=== DIRECTIONS ===
Reproduce the entries exactly and omit the pictures.

--

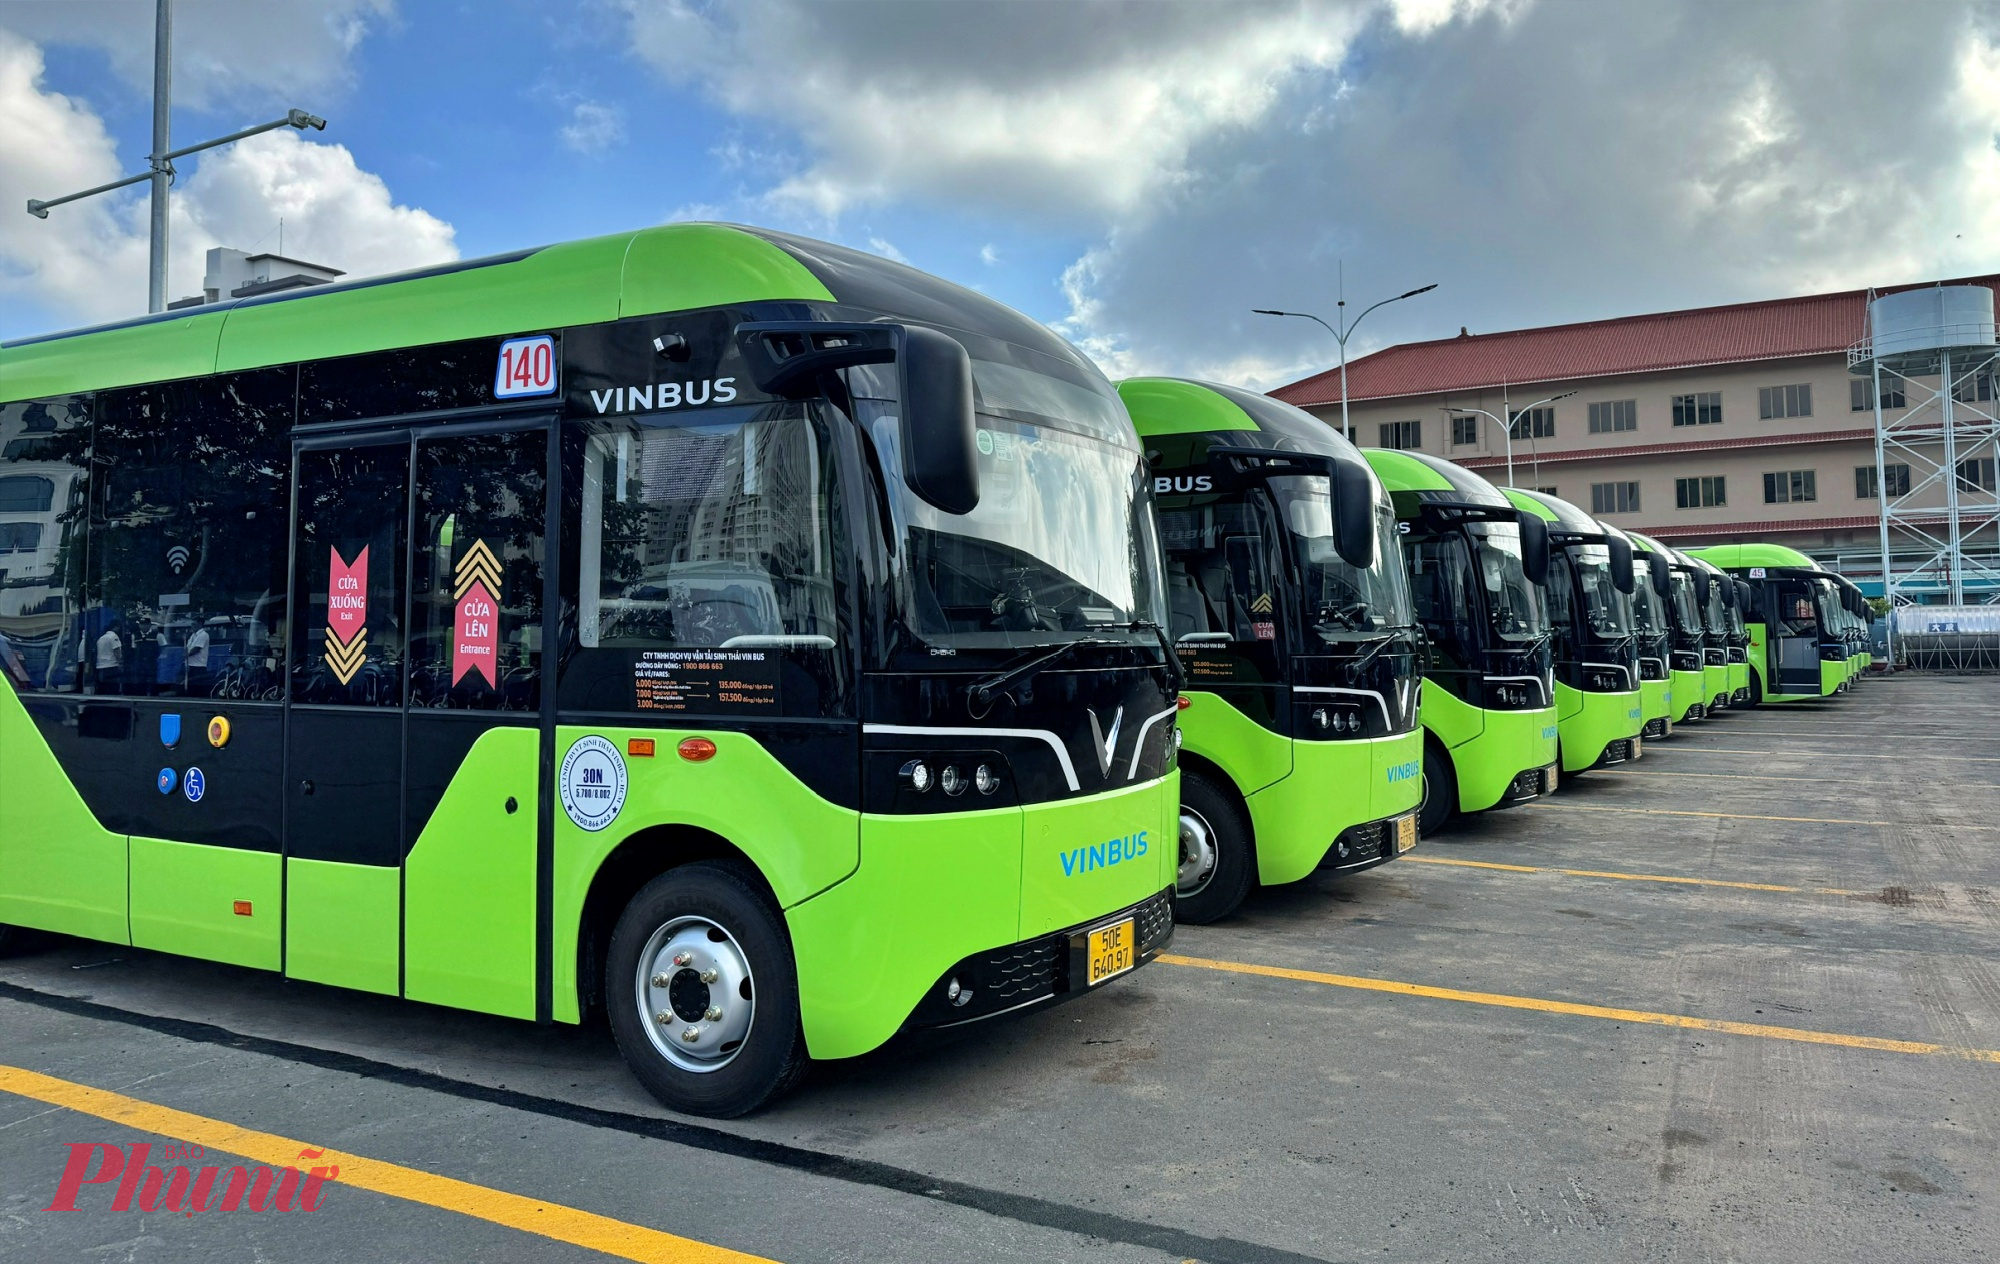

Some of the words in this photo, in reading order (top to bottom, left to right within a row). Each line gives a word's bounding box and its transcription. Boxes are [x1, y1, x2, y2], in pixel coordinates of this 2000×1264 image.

[502, 343, 551, 390] 140
[590, 377, 737, 414] VINBUS
[1154, 475, 1213, 493] BUS
[1751, 568, 1763, 578] 45
[338, 574, 358, 590] CỬA
[330, 592, 365, 609] XUỐNG
[464, 598, 490, 617] CỬA
[340, 612, 353, 621] Exit
[465, 619, 488, 638] LÊN
[460, 643, 491, 655] Entrance
[642, 652, 653, 660] CTY
[713, 652, 727, 660] SINH
[753, 653, 765, 661] BUS
[718, 680, 742, 689] 135.000
[718, 692, 742, 702] 157.500
[583, 768, 603, 783] 30N
[1386, 760, 1419, 783] VINBUS
[1060, 831, 1148, 877] VINBUS
[1101, 926, 1122, 953] 50E
[1093, 947, 1129, 979] 640.97

--

=== EXPECTED ANSWER ===
Some of the words in this photo, in reading order (top to bottom, left to right within a row). Each line gives a word's bounding box and its transcription. Boxes are [x1, y1, x2, y2], in pixel coordinates of this 2000×1264 image.

[502, 343, 551, 390] 140
[590, 377, 737, 414] VINBUS
[1154, 475, 1213, 493] BUS
[1751, 568, 1763, 578] 45
[338, 574, 358, 590] CỬA
[330, 592, 365, 609] XUỐNG
[464, 598, 490, 617] CỬA
[340, 612, 353, 621] Exit
[465, 619, 488, 638] LÊN
[460, 643, 491, 655] Entrance
[642, 652, 653, 660] CTY
[713, 652, 727, 660] SINH
[753, 653, 765, 661] BUS
[718, 680, 742, 689] 135.000
[718, 692, 742, 702] 157.500
[583, 768, 603, 783] 30N
[1386, 760, 1419, 783] VINBUS
[1060, 831, 1148, 877] VINBUS
[1101, 926, 1122, 953] 50E
[1093, 947, 1129, 979] 640.97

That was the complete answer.